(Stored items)
=======

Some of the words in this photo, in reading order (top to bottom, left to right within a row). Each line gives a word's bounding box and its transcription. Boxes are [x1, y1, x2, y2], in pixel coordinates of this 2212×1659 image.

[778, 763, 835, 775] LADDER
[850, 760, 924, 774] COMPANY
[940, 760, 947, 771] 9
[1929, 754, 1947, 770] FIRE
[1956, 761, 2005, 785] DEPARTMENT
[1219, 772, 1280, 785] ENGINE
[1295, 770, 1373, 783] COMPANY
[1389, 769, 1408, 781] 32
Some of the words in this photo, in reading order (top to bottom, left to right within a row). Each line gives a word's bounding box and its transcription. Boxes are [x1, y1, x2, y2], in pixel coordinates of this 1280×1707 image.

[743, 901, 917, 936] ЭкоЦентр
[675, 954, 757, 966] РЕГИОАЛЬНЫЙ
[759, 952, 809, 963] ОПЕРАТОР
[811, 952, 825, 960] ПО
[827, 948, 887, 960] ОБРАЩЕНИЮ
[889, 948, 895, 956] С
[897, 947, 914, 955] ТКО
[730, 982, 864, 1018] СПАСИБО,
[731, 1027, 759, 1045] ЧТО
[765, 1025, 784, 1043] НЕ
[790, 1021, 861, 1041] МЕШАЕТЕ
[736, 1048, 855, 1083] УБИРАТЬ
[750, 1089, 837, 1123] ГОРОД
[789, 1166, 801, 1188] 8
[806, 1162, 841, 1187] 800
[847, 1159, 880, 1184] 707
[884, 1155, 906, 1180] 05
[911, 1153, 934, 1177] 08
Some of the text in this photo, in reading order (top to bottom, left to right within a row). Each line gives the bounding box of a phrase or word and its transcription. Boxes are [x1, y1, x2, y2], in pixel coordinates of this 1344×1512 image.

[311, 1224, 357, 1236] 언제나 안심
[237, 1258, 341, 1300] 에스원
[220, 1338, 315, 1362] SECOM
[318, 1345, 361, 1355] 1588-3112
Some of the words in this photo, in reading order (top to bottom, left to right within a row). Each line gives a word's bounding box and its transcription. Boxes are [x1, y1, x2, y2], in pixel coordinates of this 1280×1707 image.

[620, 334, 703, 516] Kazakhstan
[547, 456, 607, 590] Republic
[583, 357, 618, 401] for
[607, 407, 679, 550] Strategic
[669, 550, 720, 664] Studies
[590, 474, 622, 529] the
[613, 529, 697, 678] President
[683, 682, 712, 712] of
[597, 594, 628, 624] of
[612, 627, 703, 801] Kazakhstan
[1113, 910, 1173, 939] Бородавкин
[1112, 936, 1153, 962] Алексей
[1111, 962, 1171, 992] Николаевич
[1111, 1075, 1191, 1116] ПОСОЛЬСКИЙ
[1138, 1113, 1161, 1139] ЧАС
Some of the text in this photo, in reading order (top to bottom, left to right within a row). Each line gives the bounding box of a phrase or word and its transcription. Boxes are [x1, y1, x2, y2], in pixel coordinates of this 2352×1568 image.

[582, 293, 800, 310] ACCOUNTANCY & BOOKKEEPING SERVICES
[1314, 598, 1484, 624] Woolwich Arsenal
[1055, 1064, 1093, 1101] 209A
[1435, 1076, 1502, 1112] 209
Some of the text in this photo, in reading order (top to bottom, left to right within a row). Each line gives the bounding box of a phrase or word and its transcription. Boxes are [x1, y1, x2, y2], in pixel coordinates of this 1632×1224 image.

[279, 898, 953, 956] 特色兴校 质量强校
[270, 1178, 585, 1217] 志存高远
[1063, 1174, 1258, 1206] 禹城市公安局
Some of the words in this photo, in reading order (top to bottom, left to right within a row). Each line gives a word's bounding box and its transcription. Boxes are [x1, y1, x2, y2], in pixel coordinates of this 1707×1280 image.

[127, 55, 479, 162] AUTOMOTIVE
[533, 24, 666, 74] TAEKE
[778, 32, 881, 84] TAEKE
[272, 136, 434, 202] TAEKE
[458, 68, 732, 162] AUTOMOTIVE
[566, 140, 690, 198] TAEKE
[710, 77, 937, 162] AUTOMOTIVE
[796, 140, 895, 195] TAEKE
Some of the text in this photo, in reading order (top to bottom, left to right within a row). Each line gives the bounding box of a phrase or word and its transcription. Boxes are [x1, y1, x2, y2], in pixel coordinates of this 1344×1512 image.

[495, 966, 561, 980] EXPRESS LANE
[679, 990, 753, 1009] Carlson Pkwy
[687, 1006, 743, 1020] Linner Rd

=======

→ **Action item**:
Look above for the line containing "this 1707×1280 image.", then please write out that line and each one after it through the end, exactly, with nothing else.

→ **Problem solution**:
Some of the words in this photo, in reading order (top to bottom, left to right within a row). Each line gives a word's bounding box and its transcription. Boxes are [x1, y1, x2, y2], in pixel coordinates of this 1707×1280 image.

[127, 55, 479, 162] AUTOMOTIVE
[533, 24, 666, 74] TAEKE
[778, 32, 881, 84] TAEKE
[272, 136, 434, 202] TAEKE
[458, 68, 732, 162] AUTOMOTIVE
[566, 140, 690, 198] TAEKE
[710, 77, 937, 162] AUTOMOTIVE
[796, 140, 895, 195] TAEKE
Some of the text in this photo, in reading order (top to bottom, left to right within a row). Each line gives the bounding box of a phrase or word and its transcription. Boxes are [x1, y1, x2, y2], in pixel coordinates of this 1344×1512 image.

[495, 966, 561, 980] EXPRESS LANE
[679, 990, 753, 1009] Carlson Pkwy
[687, 1006, 743, 1020] Linner Rd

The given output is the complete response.